Я дочитал книгу до конца и встал с постели. Туман подошел к окну и скрыл вселенную. Сердце мое сжалось. Предвестие истины коснулось меня.
Дорога*
Я ушел с развалившегося фронта в ноябре семнадцатого года. Дома мать собрала мне белья и сухарей. В Киев я угодил накануне того дня, когда Муравьев начал бомбардировку города. Мой путь лежал на Петербург. Двенадцать суток отсидели мы в подвале гостиницы Хаима Цирюльника на Бессарабке. Пропуск на выезд я получил от коменданта советского Киева.

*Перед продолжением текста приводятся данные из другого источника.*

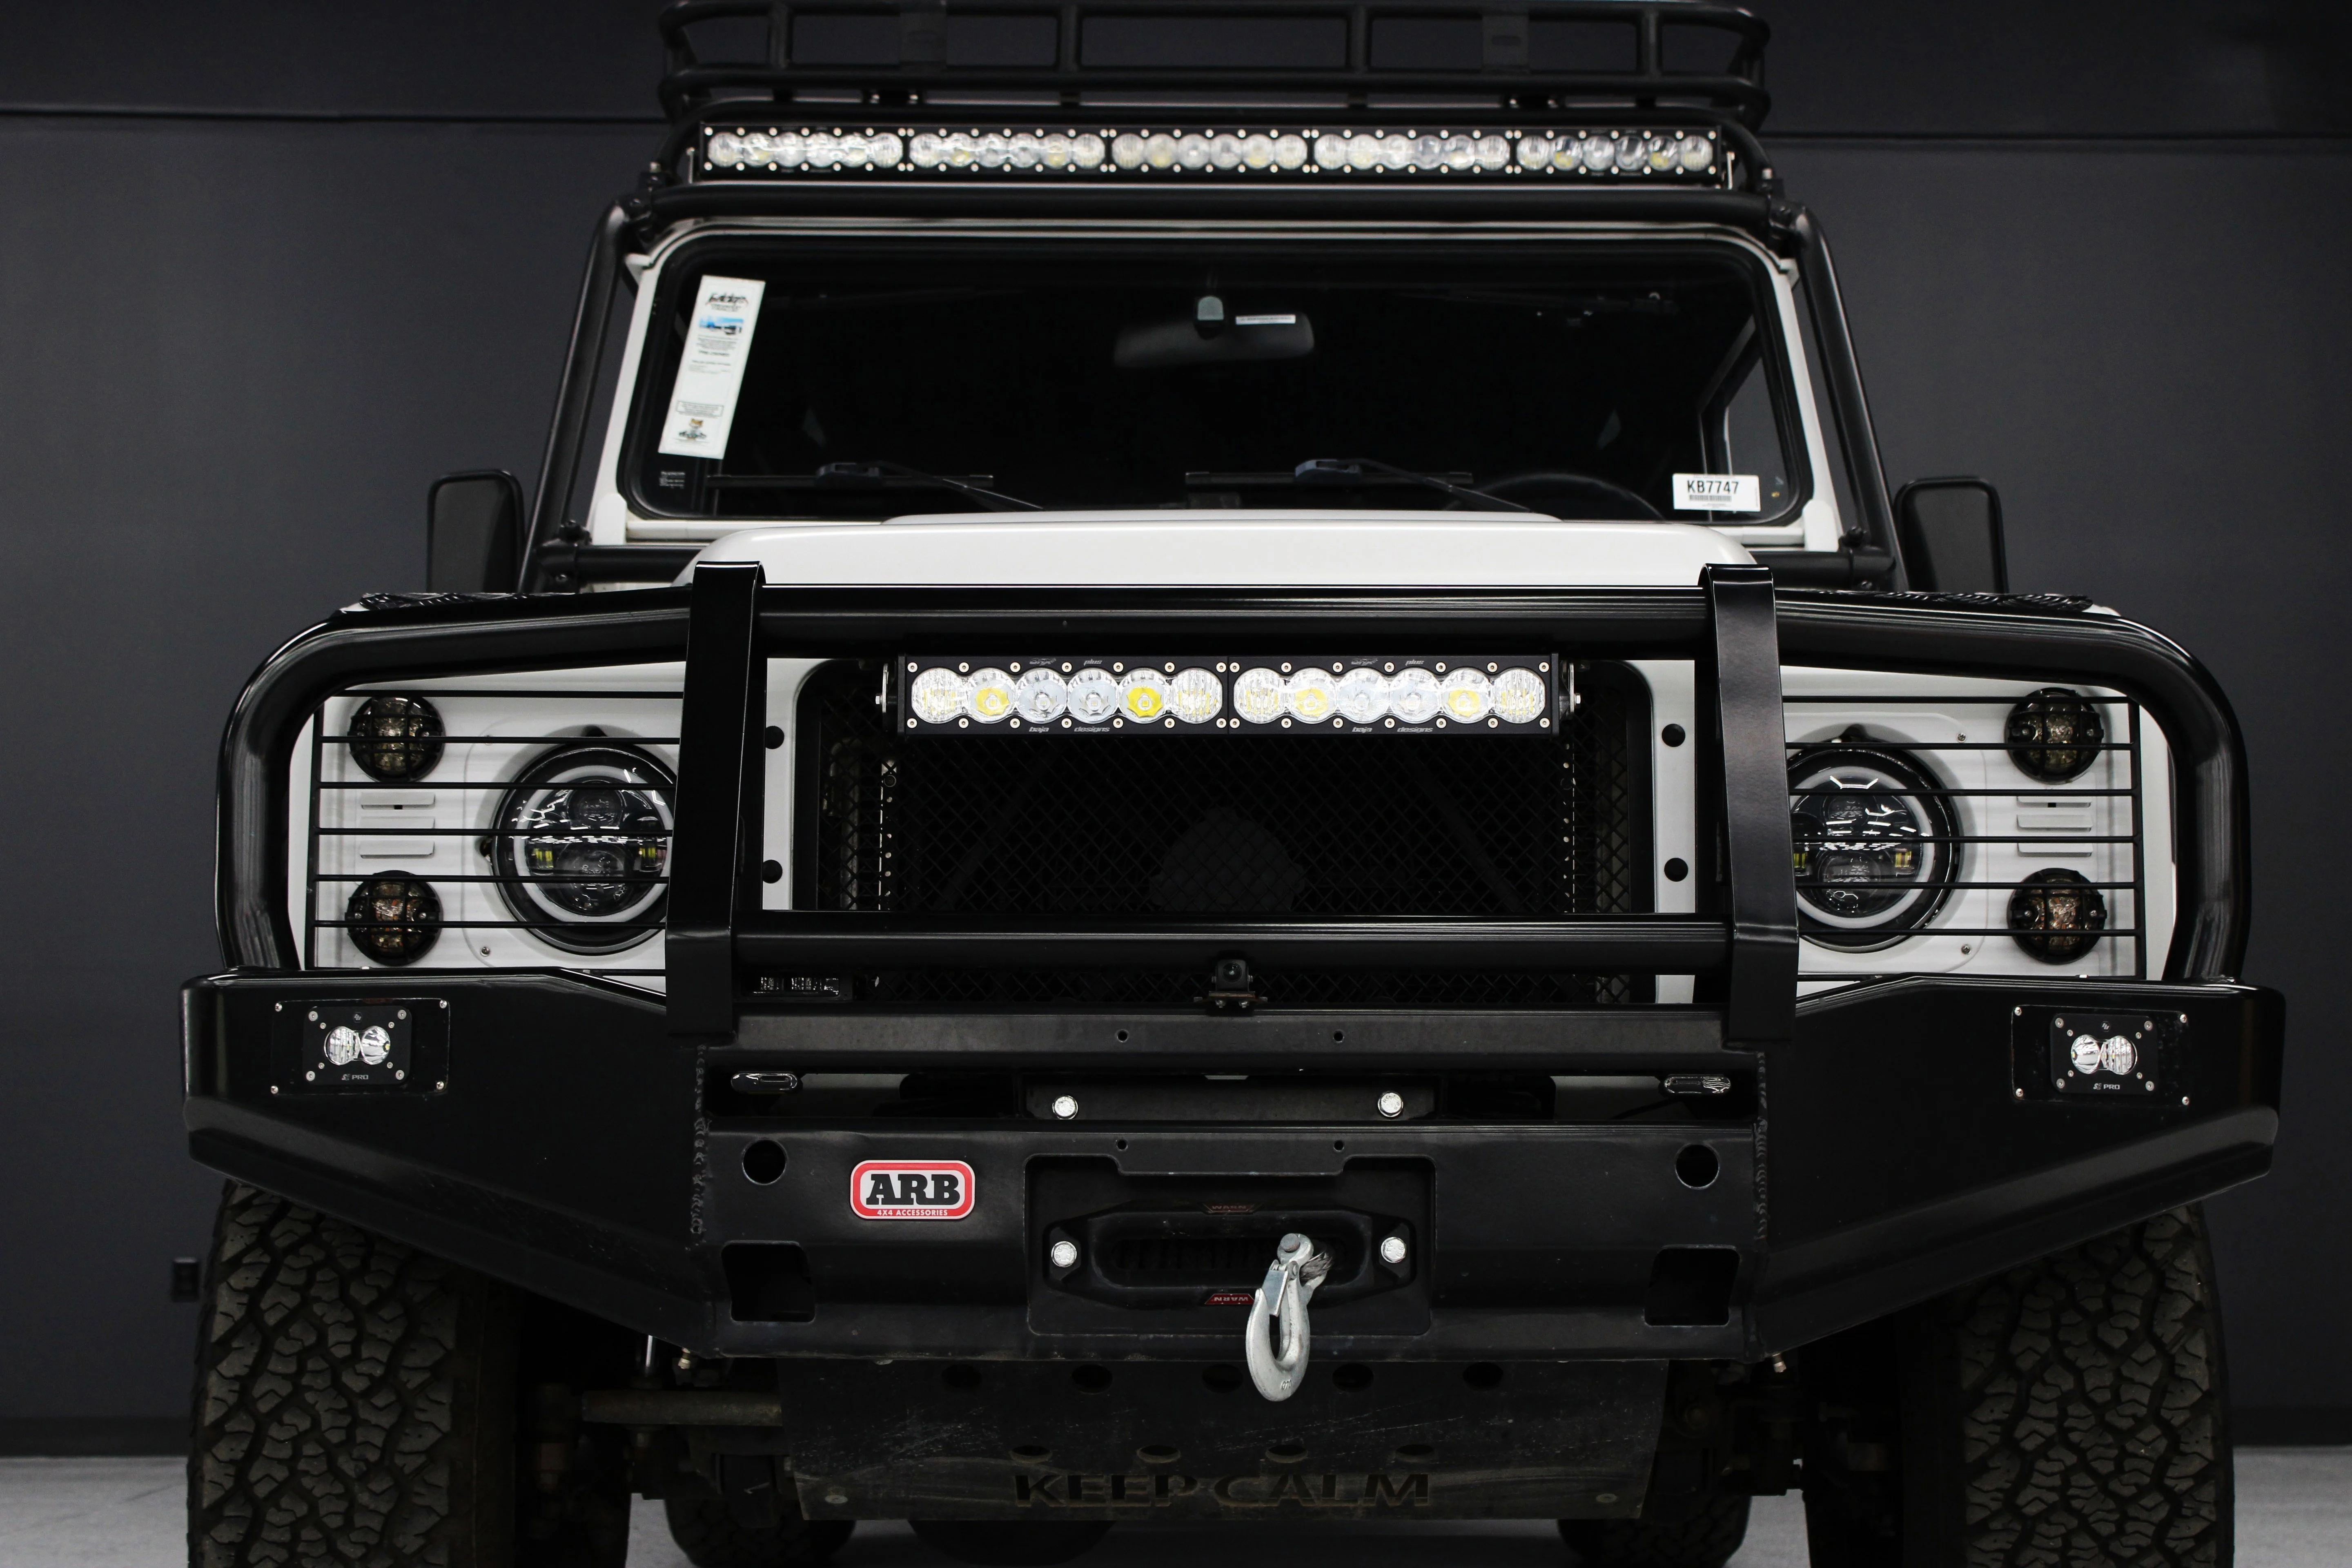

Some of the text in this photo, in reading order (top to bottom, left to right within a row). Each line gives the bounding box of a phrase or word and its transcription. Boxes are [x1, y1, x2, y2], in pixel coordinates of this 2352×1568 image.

[1687, 480, 1739, 494] KB7747
[866, 1174, 960, 1205] ARB
[1015, 1474, 1430, 1507] KEEP CALM

В мире нет зрелища унылее, чем Киевский вокзал. Временные деревянные бараки уже много лет оскверняют подступ к городу. На мокрых досках трещали вши. Дезертиры, мешочники, цыгане валялись вперемешку. Старухи галичанки мочились на перрон стоя. Низкое небо было изборождено тучами, налито мраком и дождем.
Трое суток прошло, прежде чем ушел первый поезд. Вначале он останавливался через каждую версту, потом разошелся, колеса застучали горячей, запели сильную песню.
В нашей теплушке это сделало всех счастливыми. Быстрая езда делала людей счастливыми в восемнадцатом году. Ночью поезд вздрогнул и остановился. Дверь теплушки разошлась, зеленое сияние снегов открылось нам. В вагон вошел станционный телеграфист в дохе, стянутой ремешком, и мягких кавказских сапогах. Телеграфист протянул руку и пристукнул пальцем по раскрытой ладони.
— Документы об это место…
Первой у двери лежала на тюках неслышная, свернувшаяся старуха. Она ехала в Любань к сыну-железнодорожнику. Рядом со мной дремали, сидя, учитель Иегуда Вейнберг с женой. Учитель женился несколько дней тому назад и увозил молодую в Петербург. Всю дорогу они шептались о комплексном методе преподавания, потом заснули. Руки их и во сне были сцеплены, вдеты одна в другую.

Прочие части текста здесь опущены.